- Opening Delimiter -

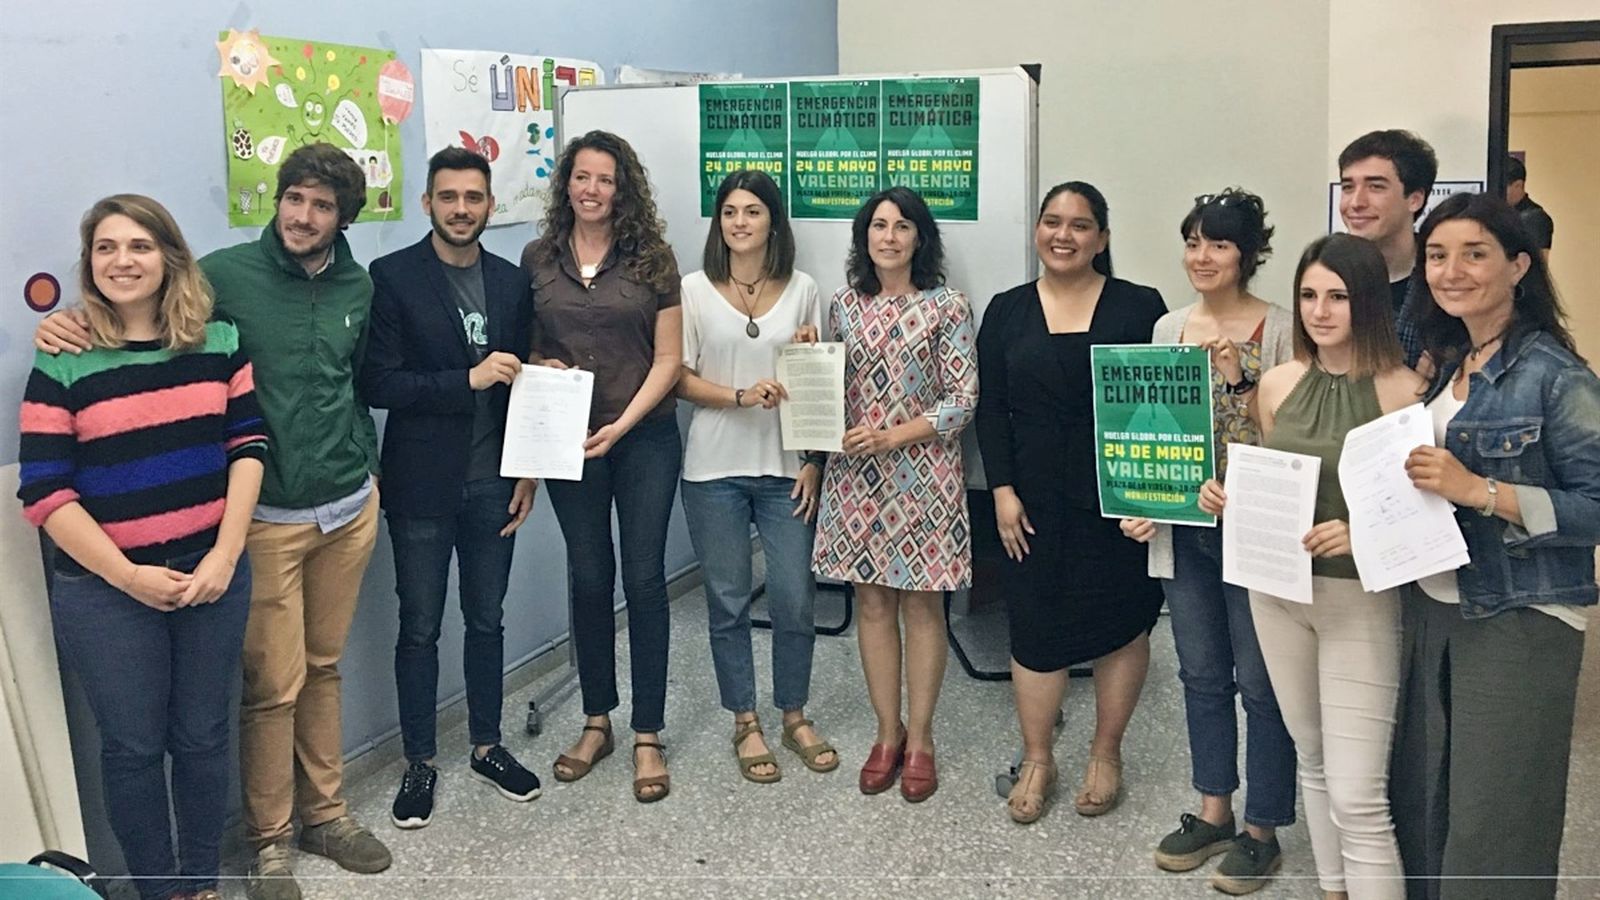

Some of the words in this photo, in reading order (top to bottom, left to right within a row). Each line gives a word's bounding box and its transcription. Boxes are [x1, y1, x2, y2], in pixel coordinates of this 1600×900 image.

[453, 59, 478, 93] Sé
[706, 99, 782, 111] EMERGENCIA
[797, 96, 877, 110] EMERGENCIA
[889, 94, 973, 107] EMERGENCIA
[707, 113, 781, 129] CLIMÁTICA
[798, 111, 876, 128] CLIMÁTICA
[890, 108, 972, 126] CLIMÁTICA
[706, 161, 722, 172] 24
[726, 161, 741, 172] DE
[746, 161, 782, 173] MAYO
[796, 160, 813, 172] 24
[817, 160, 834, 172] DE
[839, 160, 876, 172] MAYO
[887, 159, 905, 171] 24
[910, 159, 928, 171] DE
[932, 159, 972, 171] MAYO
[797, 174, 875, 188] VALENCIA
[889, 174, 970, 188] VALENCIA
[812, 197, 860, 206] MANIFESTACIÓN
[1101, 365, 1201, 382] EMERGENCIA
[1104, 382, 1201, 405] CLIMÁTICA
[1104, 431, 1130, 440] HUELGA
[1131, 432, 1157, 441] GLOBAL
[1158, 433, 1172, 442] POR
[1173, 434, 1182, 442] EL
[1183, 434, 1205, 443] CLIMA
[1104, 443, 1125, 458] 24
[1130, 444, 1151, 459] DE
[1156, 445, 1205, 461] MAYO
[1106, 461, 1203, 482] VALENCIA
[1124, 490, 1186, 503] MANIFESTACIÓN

- Closing Delimiter -

For this exercise, return the records above in full and exactly, omitting the images.

WORKED SOLUTION ->
Some of the words in this photo, in reading order (top to bottom, left to right within a row). Each line gives a word's bounding box and its transcription. Boxes are [x1, y1, x2, y2], in pixel coordinates of this 1600×900 image.

[453, 59, 478, 93] Sé
[706, 99, 782, 111] EMERGENCIA
[797, 96, 877, 110] EMERGENCIA
[889, 94, 973, 107] EMERGENCIA
[707, 113, 781, 129] CLIMÁTICA
[798, 111, 876, 128] CLIMÁTICA
[890, 108, 972, 126] CLIMÁTICA
[706, 161, 722, 172] 24
[726, 161, 741, 172] DE
[746, 161, 782, 173] MAYO
[796, 160, 813, 172] 24
[817, 160, 834, 172] DE
[839, 160, 876, 172] MAYO
[887, 159, 905, 171] 24
[910, 159, 928, 171] DE
[932, 159, 972, 171] MAYO
[797, 174, 875, 188] VALENCIA
[889, 174, 970, 188] VALENCIA
[812, 197, 860, 206] MANIFESTACIÓN
[1101, 365, 1201, 382] EMERGENCIA
[1104, 382, 1201, 405] CLIMÁTICA
[1104, 431, 1130, 440] HUELGA
[1131, 432, 1157, 441] GLOBAL
[1158, 433, 1172, 442] POR
[1173, 434, 1182, 442] EL
[1183, 434, 1205, 443] CLIMA
[1104, 443, 1125, 458] 24
[1130, 444, 1151, 459] DE
[1156, 445, 1205, 461] MAYO
[1106, 461, 1203, 482] VALENCIA
[1124, 490, 1186, 503] MANIFESTACIÓN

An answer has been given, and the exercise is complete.